What is the experience of those persons living between
lamppost and park bench, park bench and lamppost? It beckons
listeners to come out to help. “When the streets are callin’, whatcha
gon’ do with it?” it asks. “Hear those
people fallin’, whatcha gon’ do for ’em?” As I was
sitting in my office pondering over the scripture text,
reading it and re-reading it, I happened to have “Walking in
the Shadows...” by the Neville Brothers playing on my
laptop. So I was reading “the Lord sent them on ahead of him
to every town and place...” while humming along to “the
streets are callin’, whatcha gon’ do with it, no more
sleeping, betta holla, holla.” Then I was reading “cure
the sick who are there and say that the Kingdom of God has
come near” while humming “you’ve been waiting for
answers to just fall from the trees, you’ll find cures for
this cancer in the souls that you feed.”
I'm
not sure just how long it took my slow brain to figure out
that these brothers of the funk music establishment were
singing about the Great Commission as understood through Luke
10. But
eventually I got there.
By
the way, I want to confess that my habit of finding helpful
insights for our Christian journeys in popular media is not
exactly conducive to, say, successful banter at a party: “So
how do you like that new album?
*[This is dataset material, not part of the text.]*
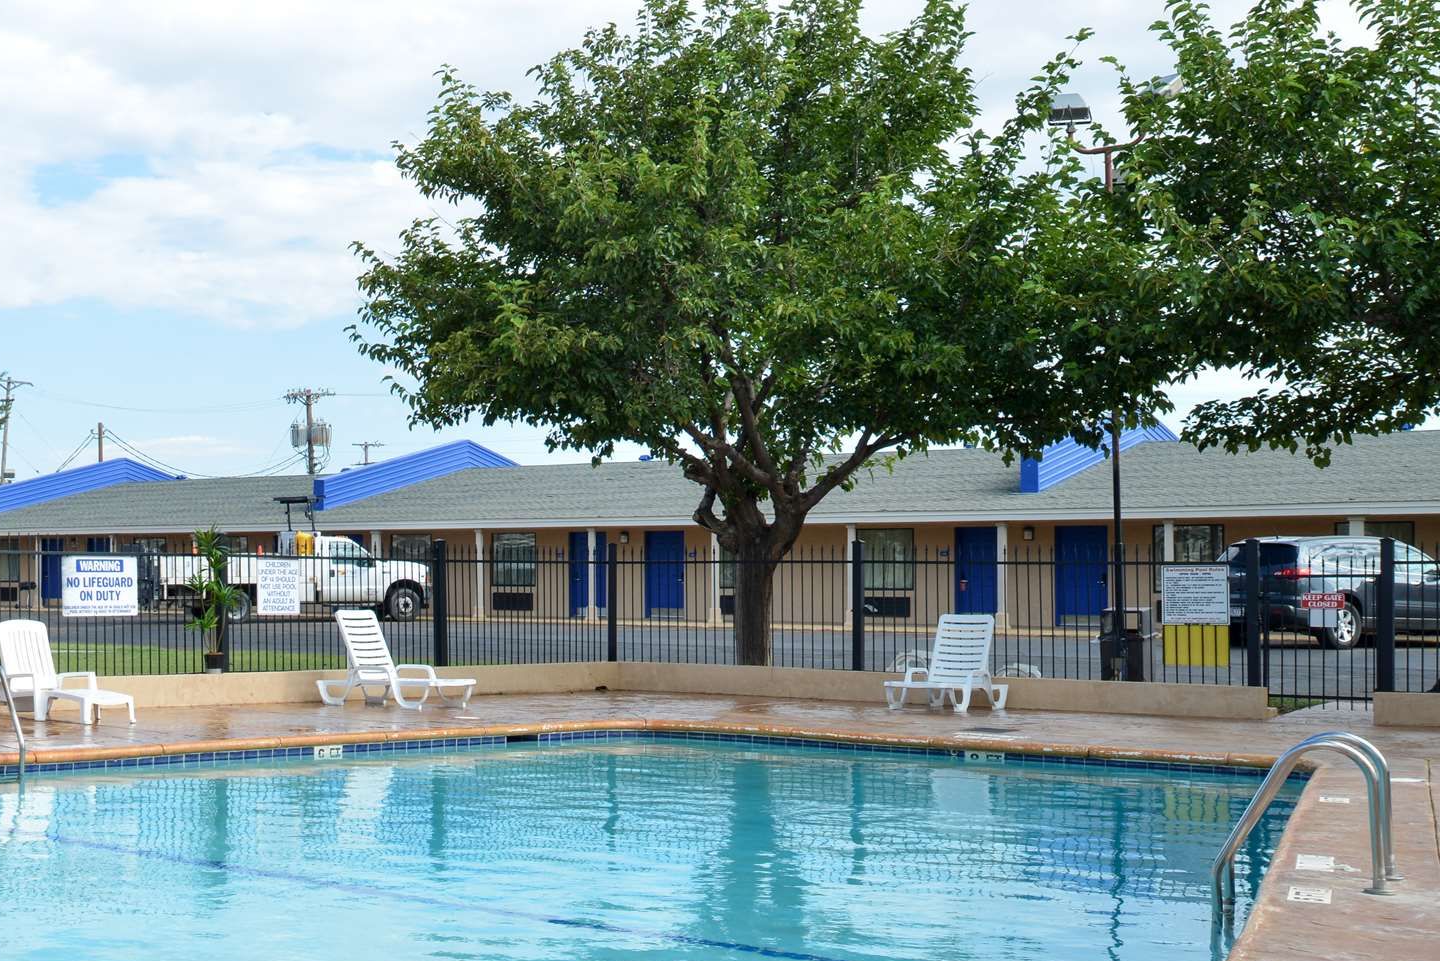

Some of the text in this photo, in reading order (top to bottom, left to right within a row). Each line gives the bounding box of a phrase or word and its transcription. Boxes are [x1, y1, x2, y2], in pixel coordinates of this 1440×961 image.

[79, 560, 121, 572] WARNING
[66, 576, 133, 588] NO LIFEGUARD
[79, 590, 121, 601] ON DUTY
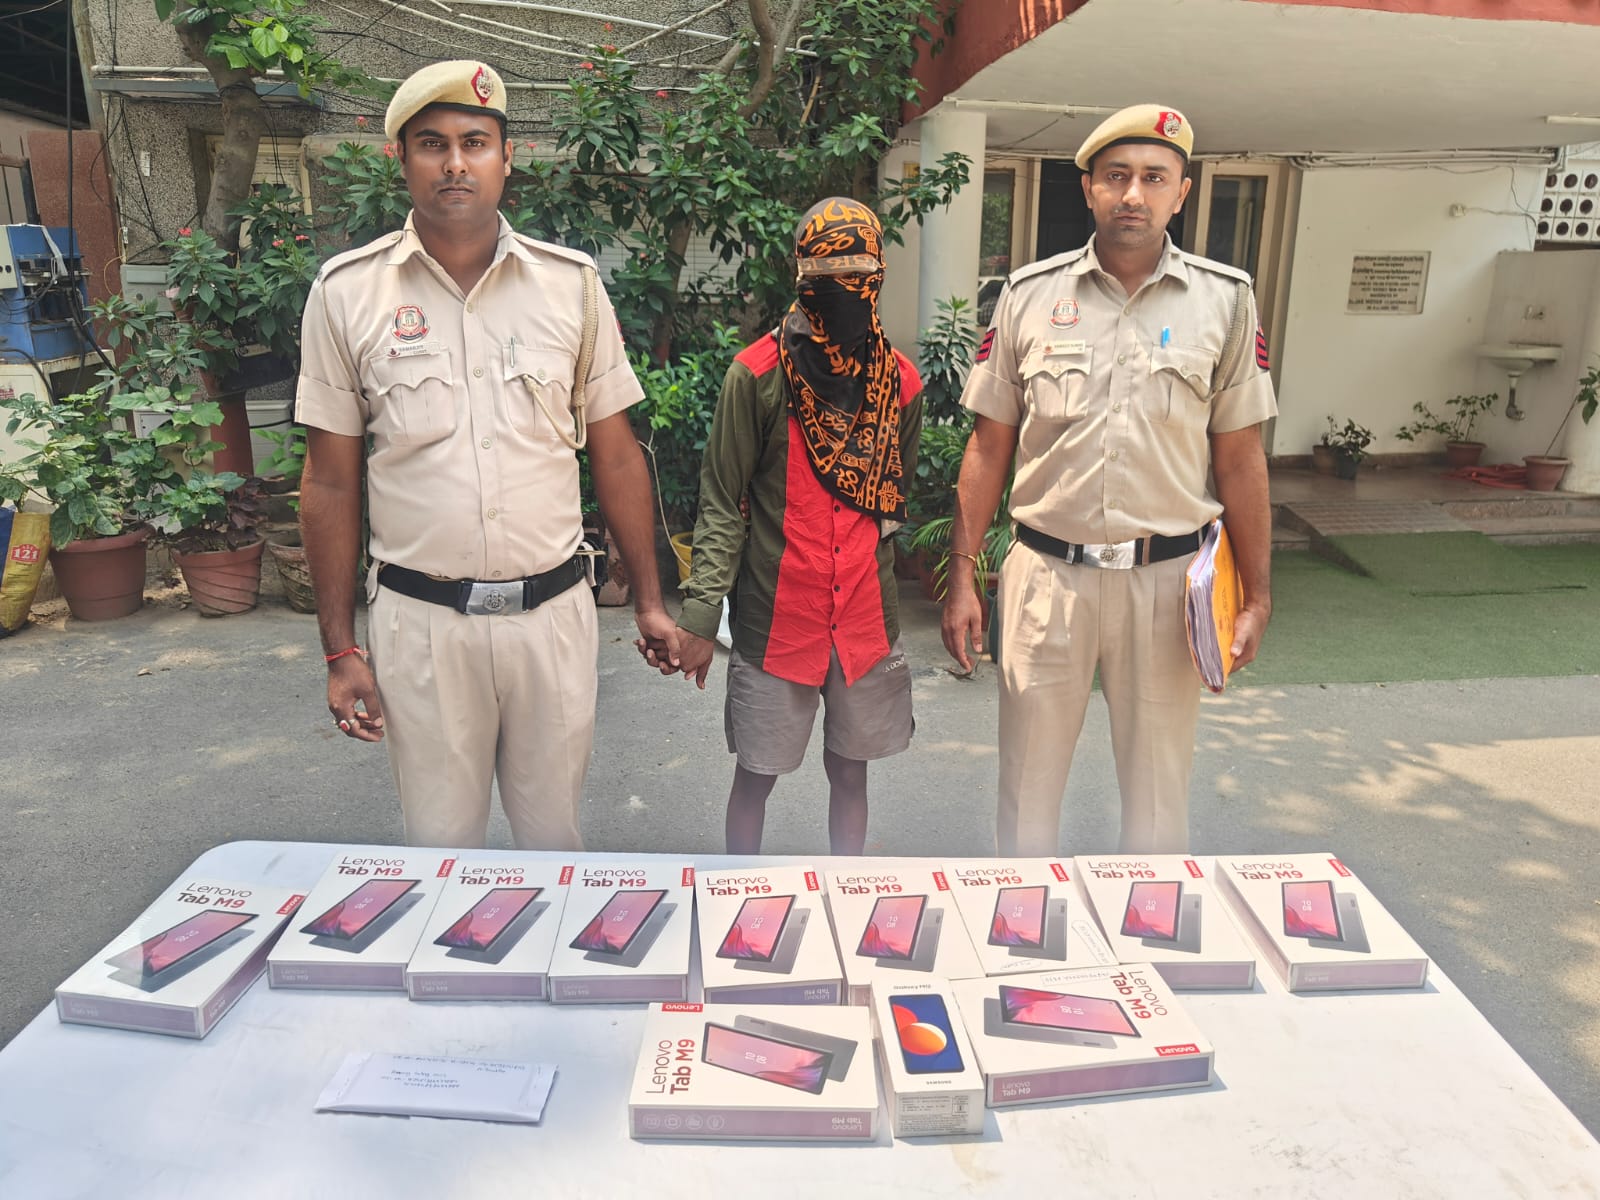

Pretty funky, huh?” “Yeah,
and its commentary on the Trinitarian hermeneutic is totally
rad!” On the other hand, every time I listened to “Streets
are Callin’” this weekend, I did feel a certain
satisfaction that I was actually hard at work, “putting the
finishing touches on my sermon.”
Like
the Neville Brothers’ question, Jesus calls his followers
out into the streets, reminding them of the sick and the lost
in our midst, of those that we pass—and depending on how
we’re feeling on that day, whether we pass them on this or
that side of the road. Jesus calls out all of us, his
followers, asking: “Whatcha gon’ do for ’em?” If we
are truly to live as full followers of Christ, we can no
longer simply live as receivers of this promise and the
promises of redemption for ourselves. It seems that the
scripture is telling us today—and the echoes of the
scripture singing to us from the Neville Brothers CD is
saying—that we must spread the news and this hope for
redemption out into all the world, onto all the streets, to
all the persons.
As
we turn to the text today, watch for how
counter-contemporary-Christian-cultural this text really is.
The disciples are not told to attend a training on
faith-sharing before they go. They are not required to get
certified in church budgetary development. None of them went
to the Christian bookstore to pick up a “Jesus Is My Homie”
wristband or hot new inspirational punk rock CD. What is
required of them is their whole selves, which in reality has
so much more capability for evangelism than the thin veneer of
Christianity that many of us don every day. “Whatcha gon’
do for ’em?” Whatcha gon’ do with it?
I’m
struck, in Luke
10:1, that Jesus sends the disciples on ahead of him, in
pairs, to every town and place where he himself intends to go.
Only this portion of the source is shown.